Your task is to retype every entry exactly while omitting the pictures.

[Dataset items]

──────────

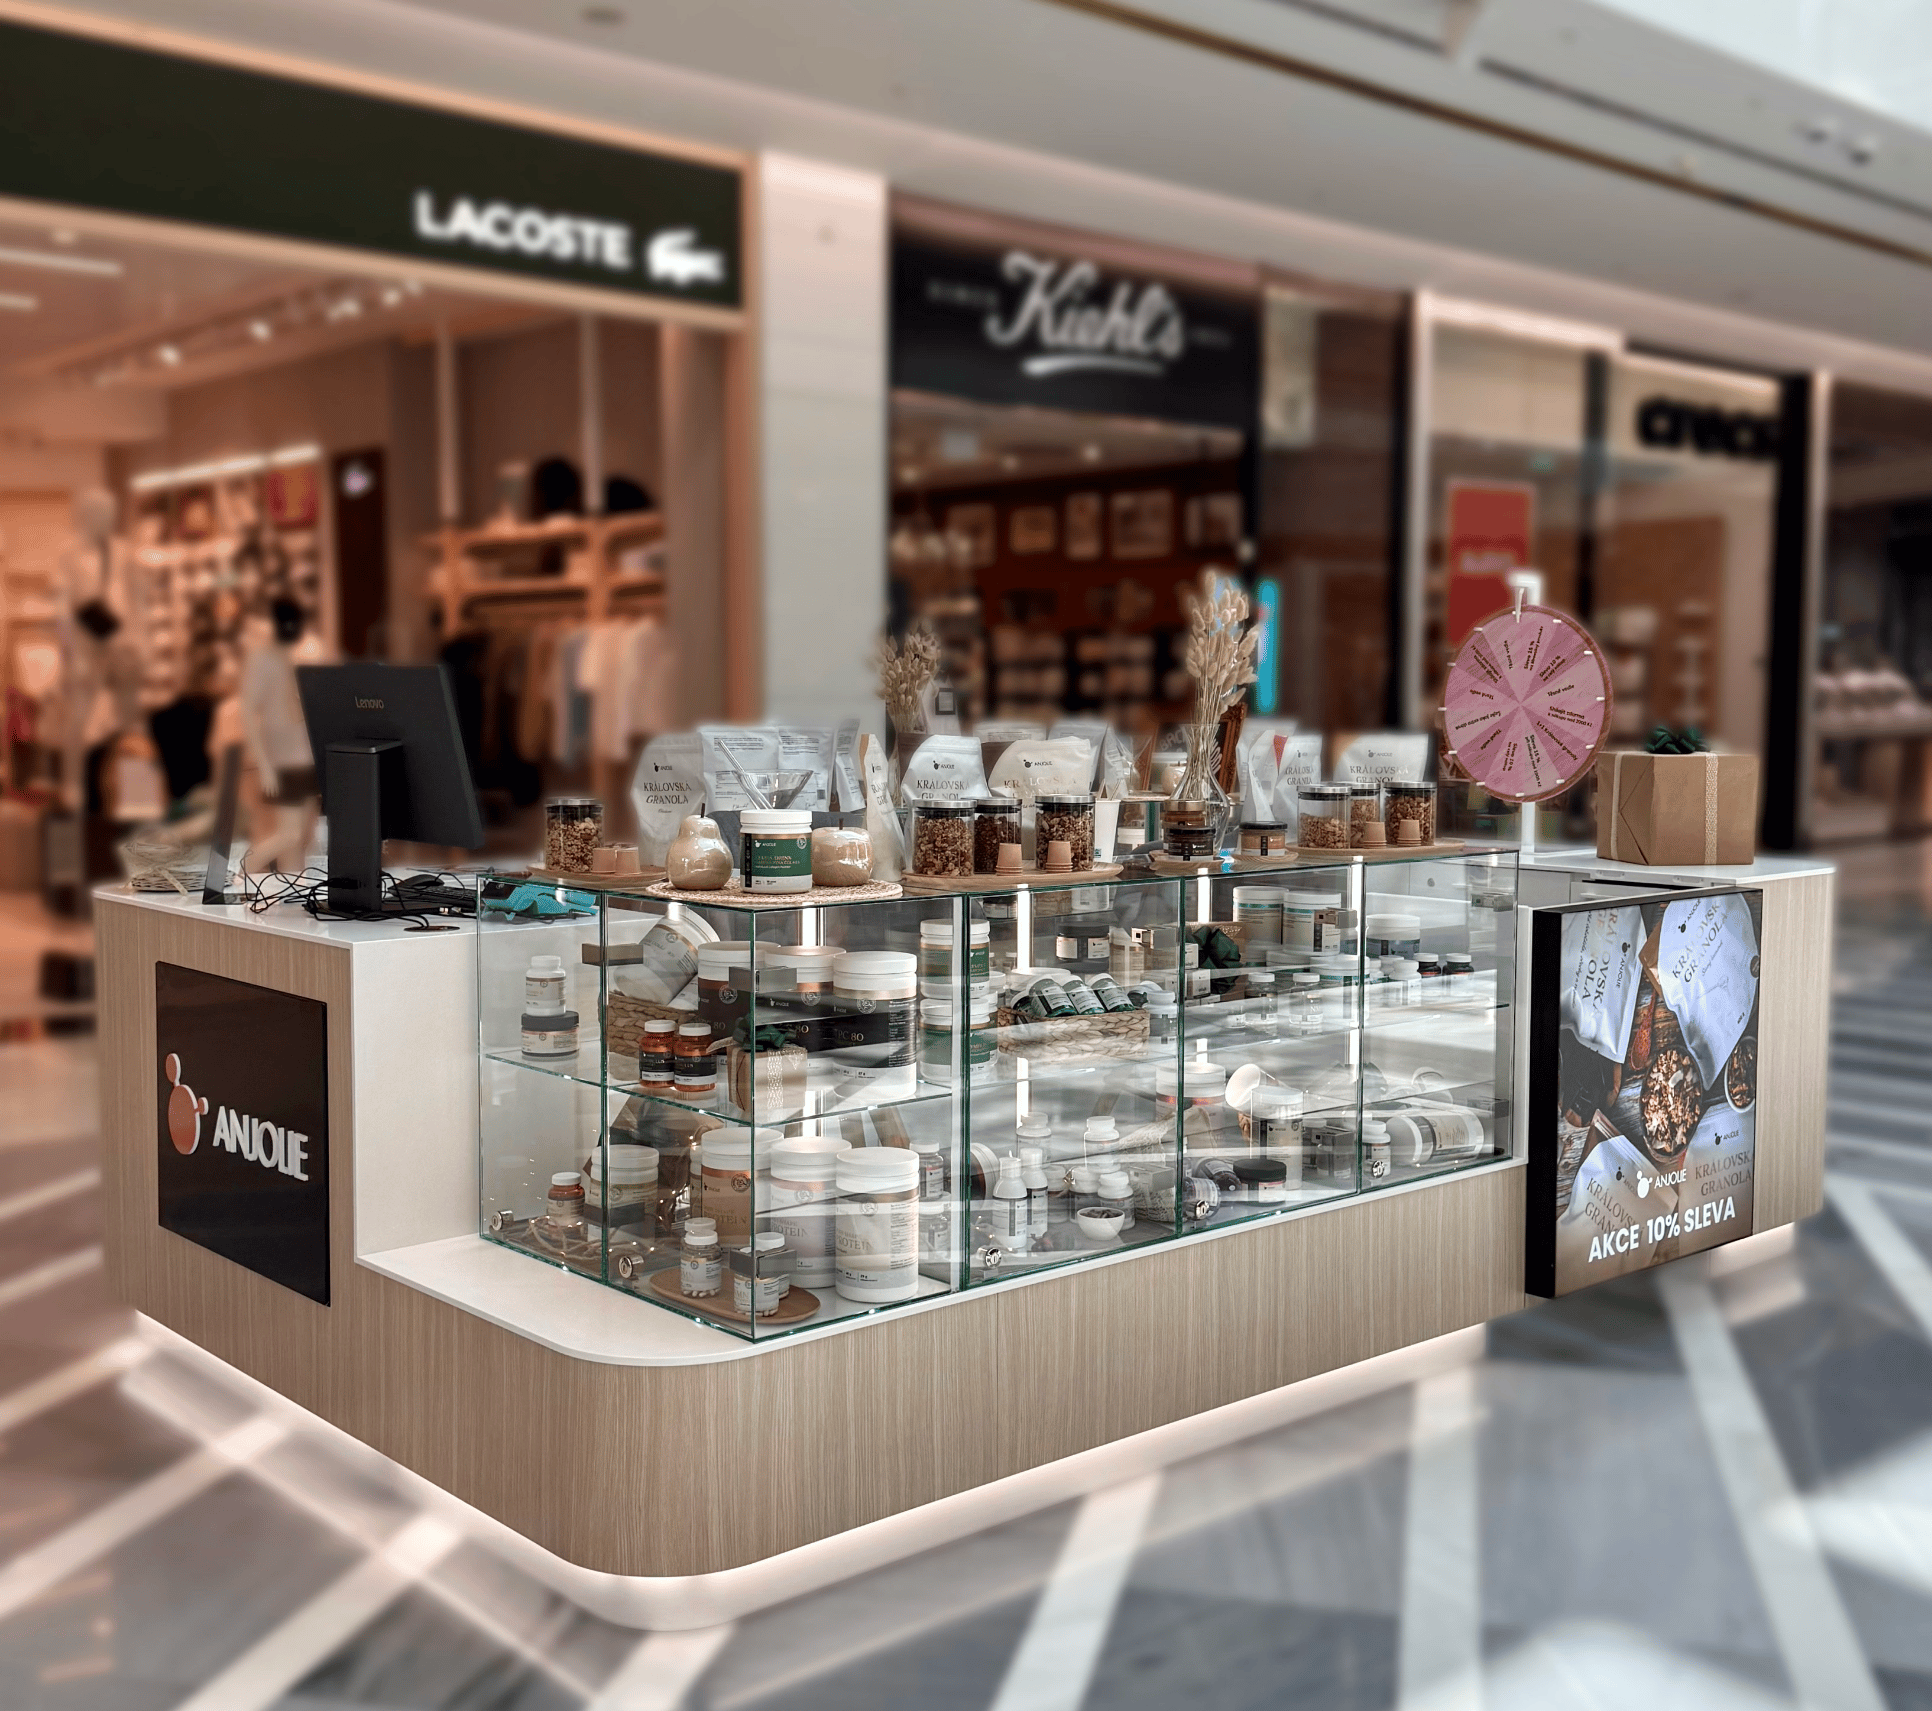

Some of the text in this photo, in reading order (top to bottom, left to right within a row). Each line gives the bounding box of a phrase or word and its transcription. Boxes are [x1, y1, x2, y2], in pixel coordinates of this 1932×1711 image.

[414, 191, 632, 270] LACOSTE
[354, 696, 385, 709] Lenovo
[643, 780, 692, 792] KRÁLOVSKÁ
[646, 794, 689, 805] GRANOLA
[850, 1032, 864, 1042] 80
[212, 1105, 309, 1182] ANJOLIE
[1654, 1168, 1687, 1190] ANJOLIE
[1700, 1168, 1752, 1196] GRANOLA
[1588, 1196, 1736, 1263] AKCE 10% SLEVA

──────────

- [Exercise result]:
Some of the text in this photo, in reading order (top to bottom, left to right within a row). Each line gives the bounding box of a phrase or word and its transcription. Boxes are [x1, y1, x2, y2], in pixel coordinates of this 1932×1711 image.

[414, 191, 632, 270] LACOSTE
[354, 696, 385, 709] Lenovo
[643, 780, 692, 792] KRÁLOVSKÁ
[646, 794, 689, 805] GRANOLA
[850, 1032, 864, 1042] 80
[212, 1105, 309, 1182] ANJOLIE
[1654, 1168, 1687, 1190] ANJOLIE
[1700, 1168, 1752, 1196] GRANOLA
[1588, 1196, 1736, 1263] AKCE 10% SLEVA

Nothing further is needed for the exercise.